MARILYN MONROE (1926 - 1962)
Birth Name: Norma Jean Mortenson
An illegitimate child whose father (Edward Mortenson from Haugesund) had deserted her mother (Gladys Baker)
before she was born, Norma Jean
endured a childhood of poverty and misery, sexual abuse (at the age of
eight) and years in foster homes and orphanages after her mother
suffered a nervous breakdown and was institutionalized. Escape from
this cycle came at the age of sixteen
with an arranged marriage to a 21-year-old aircraft plant worker.
While
working at the Radio Plane Company factory in Burbank, she had her
picture taken by a visiting Army photographer. Norma Jean then began modeling bathing suits and, after bleaching her hair blonde, began posing for pinups and glamour photos. Howard Hughes saw some of her photographs and expressed an interest in giving her a screen test for RKO, but Ben Lyon of 20th Century-Fox beat Hughes to the punch, signing Norma Jean Baker to a contract and changing her name to Marilyn Monroe.

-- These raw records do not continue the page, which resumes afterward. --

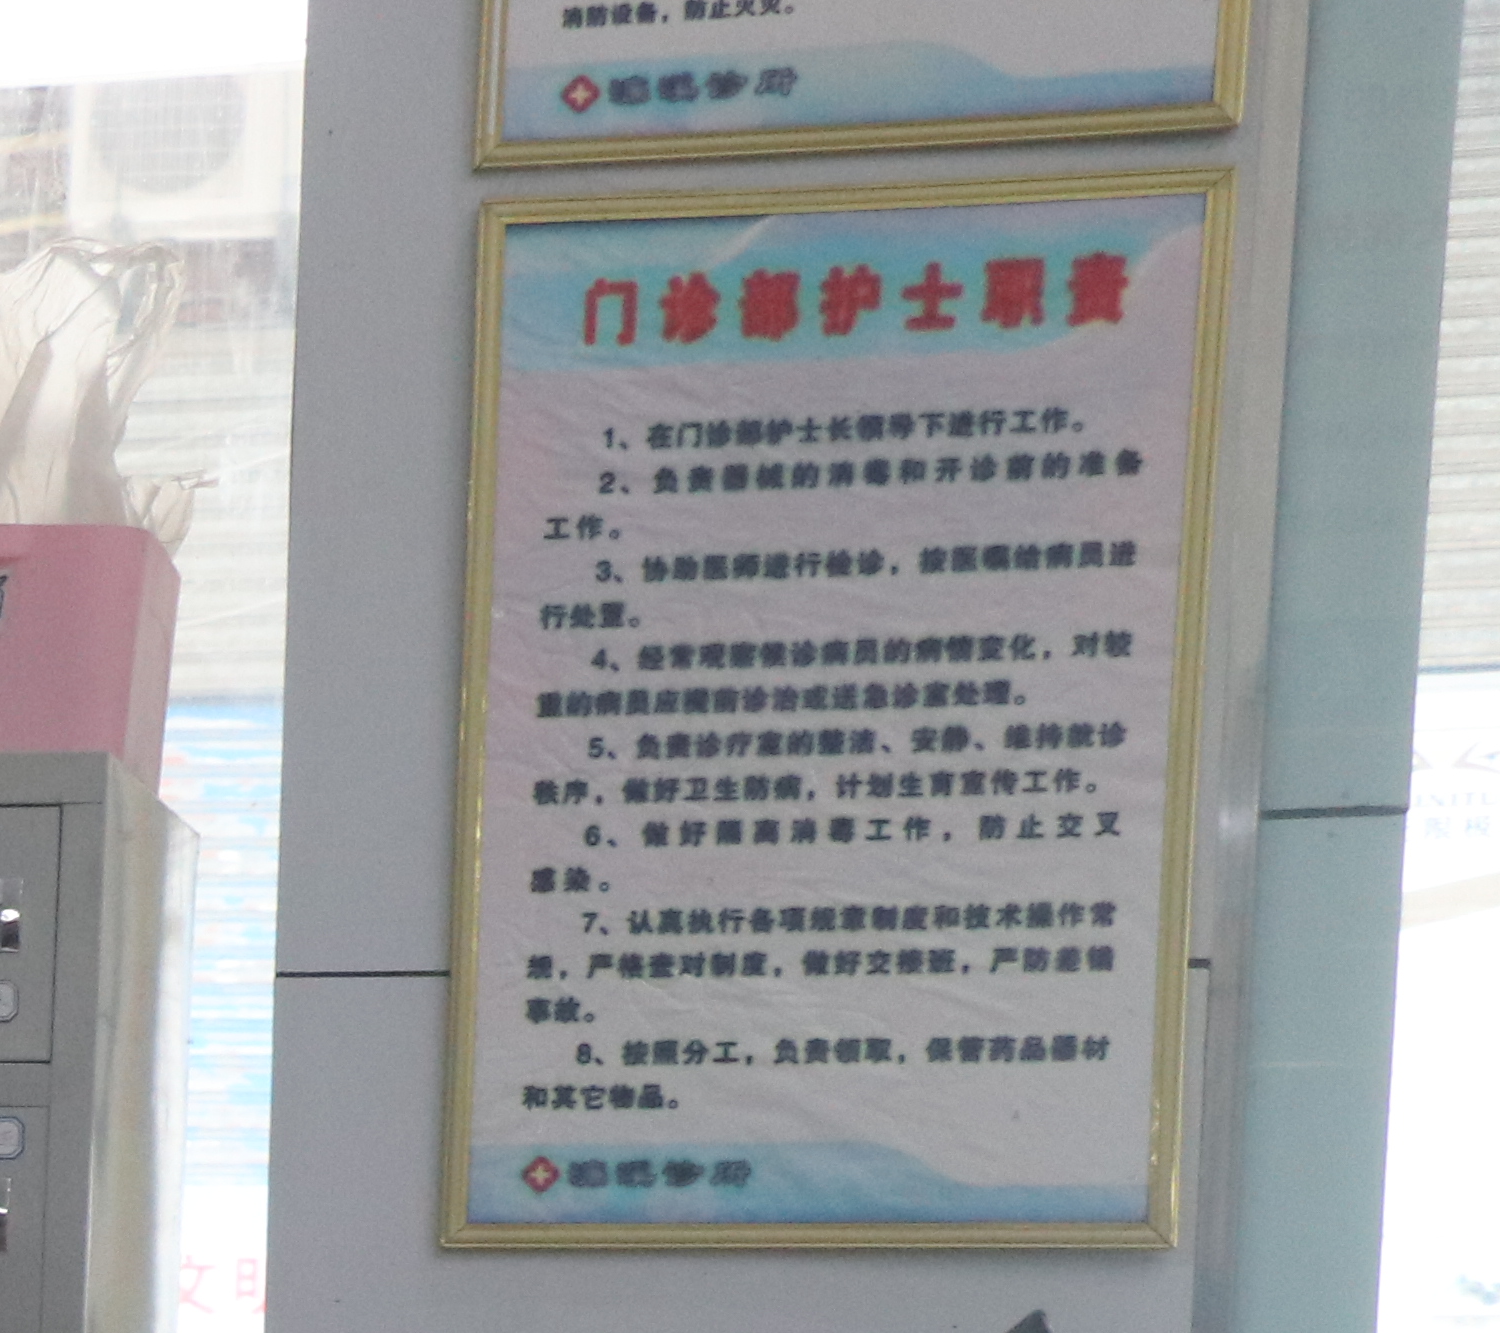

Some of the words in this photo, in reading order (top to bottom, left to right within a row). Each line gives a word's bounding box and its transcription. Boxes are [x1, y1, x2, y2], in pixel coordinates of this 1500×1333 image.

[582, 251, 1130, 346] 门诊部护士职责
[544, 514, 621, 541] 工作。
[540, 601, 640, 631] 行处置。
[530, 866, 610, 894] 感染。
[525, 996, 596, 1024] 事故。
[522, 1084, 679, 1110] 和其它物品。

After appearing in small parts in films including LOVE HAPPY (1949) and ALL ABOUT EVE (1950), Monroe achieved celebrity with starring roles in three 1953 features - NIAGARA, GENTLEMEN PREFER BLONDES and HOW TO MARRY A MILLIONAIRE - as well as a series of nude calendar photos, taken in 1948, which appeared in the December 1953 debut issue of Playboy magazine.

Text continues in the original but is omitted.